• **WHAT IS NEEDED**:
Give the records below again, word for word. No pictures belong in the copy.

• **DATA SUPPLIED**:
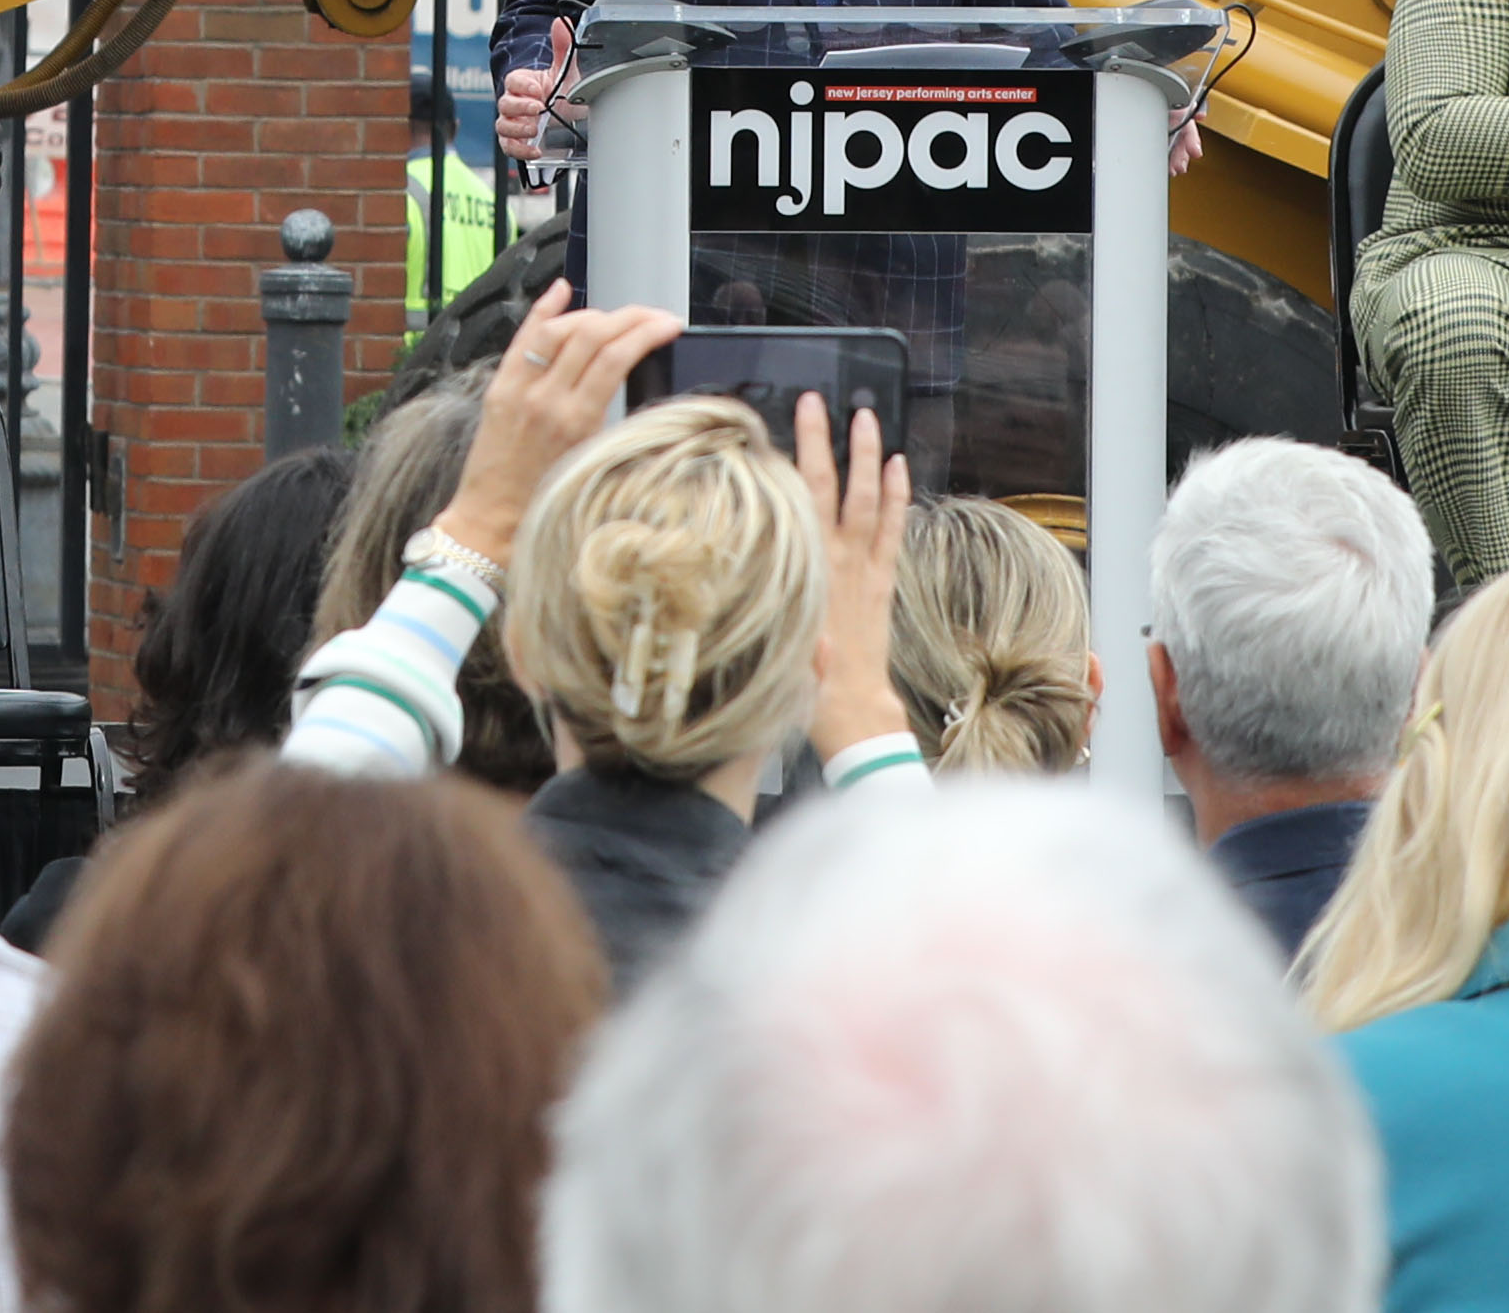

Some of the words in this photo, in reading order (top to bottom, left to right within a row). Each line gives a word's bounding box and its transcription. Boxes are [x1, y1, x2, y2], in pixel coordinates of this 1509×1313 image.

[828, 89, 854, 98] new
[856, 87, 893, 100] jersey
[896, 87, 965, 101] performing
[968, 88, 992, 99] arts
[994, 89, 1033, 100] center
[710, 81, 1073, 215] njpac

• **ANSWER BELOW**:
Some of the words in this photo, in reading order (top to bottom, left to right within a row). Each line gives a word's bounding box and its transcription. Boxes are [x1, y1, x2, y2], in pixel coordinates of this 1509×1313 image.

[828, 89, 854, 98] new
[856, 87, 893, 100] jersey
[896, 87, 965, 101] performing
[968, 88, 992, 99] arts
[994, 89, 1033, 100] center
[710, 81, 1073, 215] njpac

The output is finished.